Ad

How To Keep Running The Loop In Python Even After A KeyError

I am having troubles with a code that is useful to create a pixel map, particularly in the loop that groups data in the selected area. I can't get over a KeyError. How can I handle with this?

I am working with Python 3.7 and I have already tried to put some control on the loop, but the loop doesn't go over, cause the first encountered pixel seems to be empty. I also tried to use try: and except:KeyError, but at the end I get a row that I can't reshape because, obviously, the loop just skips empty sub-dataframes. Here I report the main code steps, letting you know that 'lin' and 'col' are the integer numbers that indicate the position of a certain measure in a certain pixel:

1st Tryout:

mean_val=[]
row=[]

for i in range (0,Ypix):

   for j in range (0,Xpix):

      data_pix = data.groupby(['lin', 'col']).get_group((i,j))[['ref', 'th']]

      if KeyError:
                data_pix = pd.DataFrame()

       else:
                mean_level= data_pix['ref'].mean()  
                row.append(mean_level)

mean_val = np.array(row).reshape(Ypix, Xpix) 

2nd tryout:

mean_val=[]
row = []

for i in range (0,Ypix):

  for j in range (0,Xpix):

      try:
         data_pix=data.groupby(['lin', 'col']).get_group((i,j))[['ref', 'th']]

      except KeyError:
         data_pix = pd.DataFrame()

      else:

         mean_level= data_pix['ref'].mean()  
         row.append(mean_level)

mean_val = np.array(row).reshape(Ypix, Xpix)

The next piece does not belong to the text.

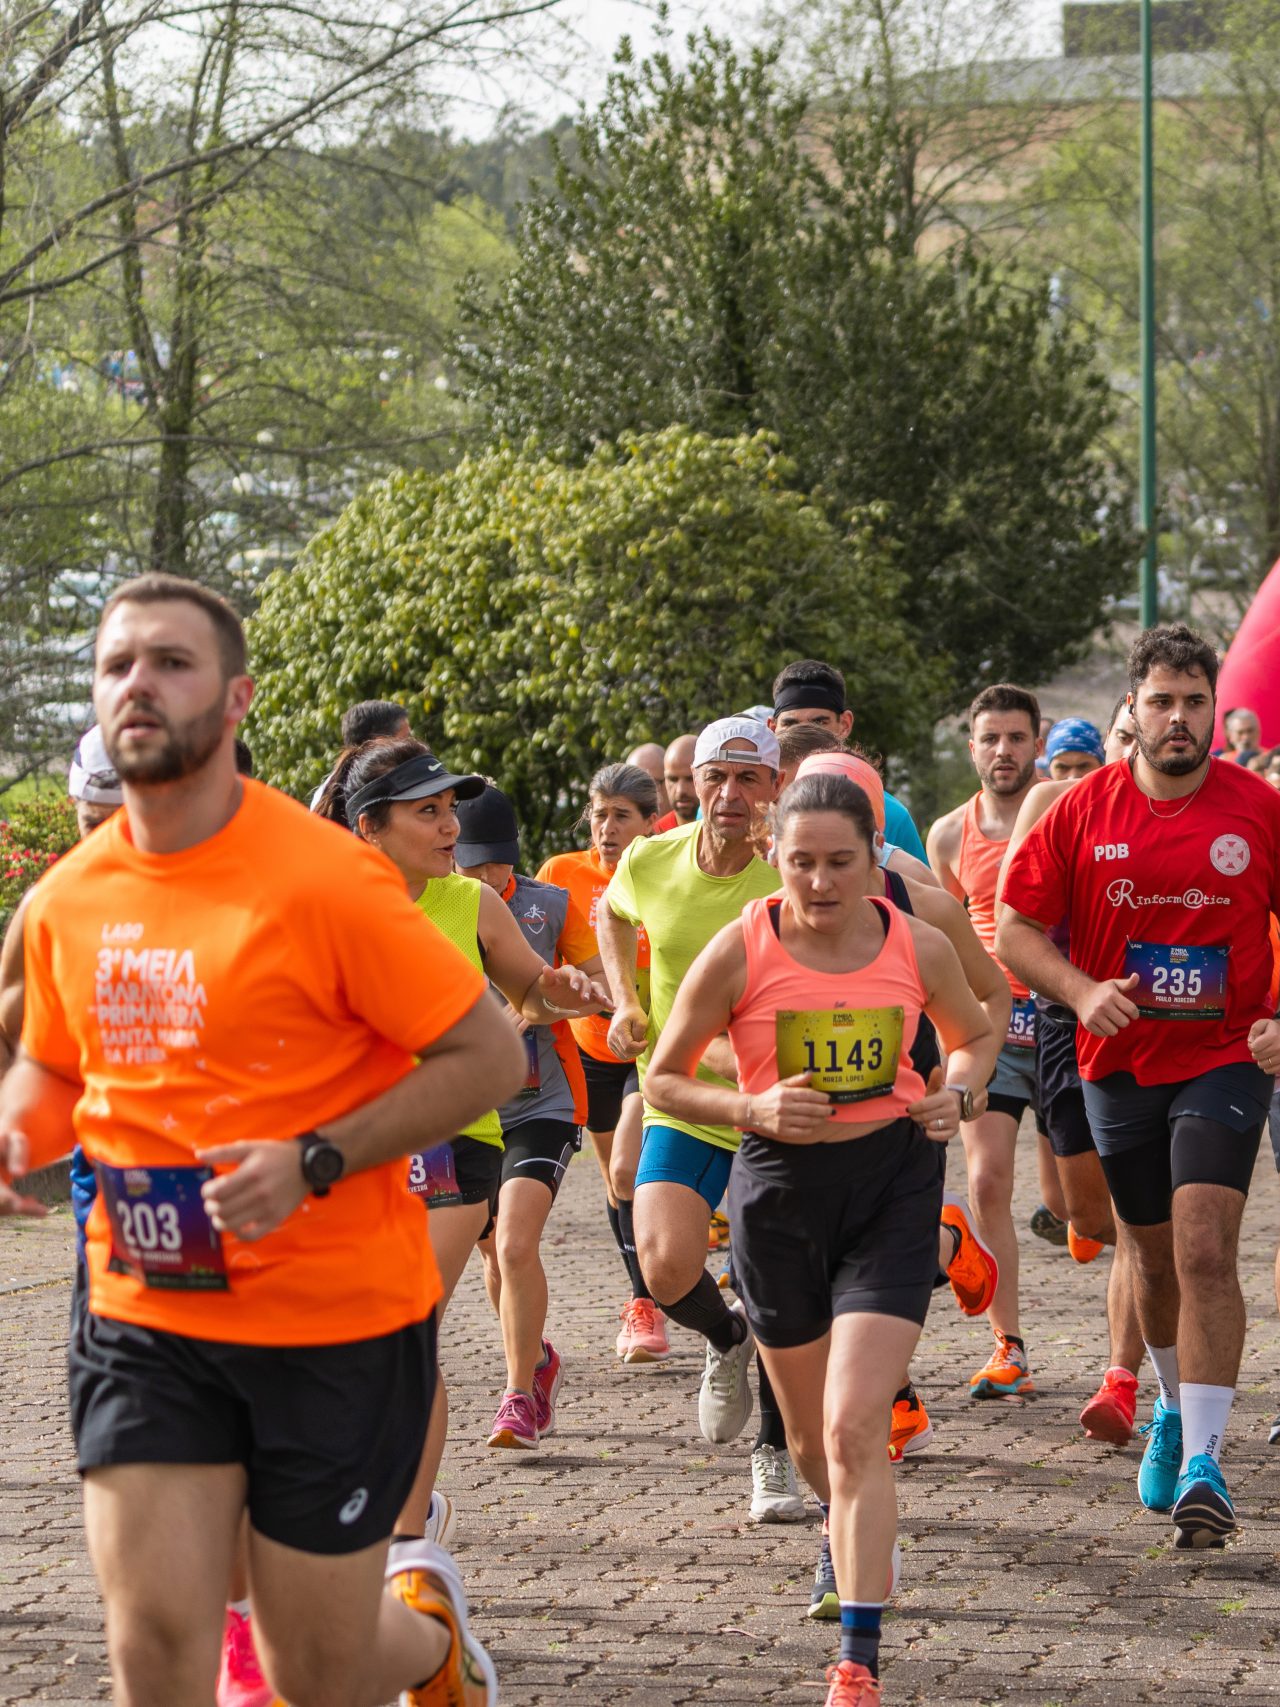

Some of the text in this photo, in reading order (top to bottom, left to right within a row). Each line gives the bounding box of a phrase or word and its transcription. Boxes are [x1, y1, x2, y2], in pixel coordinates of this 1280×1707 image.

I expected at the end a row to be reshaped to have the map, and I expected to get at least an empty pixel where there are no data, in order to reshape properly. The errors showing are the following:

1st tryout:

Traceback (most recent call last):
File "grid.py", line 385, in <module>
    proc.process()

File "grid.py", line 106, in process
    data_pix = data.groupby(['lin', 'col']).get_group((i,j))[['ref', 'th']]

File "C:\xxx\yyy\AppData\Local\Programs\Python\Python37\lib\site-packages\pandas\core\groupby\groupby.py", line 680, in get_group

  raise KeyError(name)

KeyError: (0, 0)

2nd tryout:

Traceback (most recent call last):
  File "grid.py", line 379, in <module>
    proc.process()

File "grid.py", line 276, in process

   mean_val = np.array(row).reshape(Ypix, Xpix) 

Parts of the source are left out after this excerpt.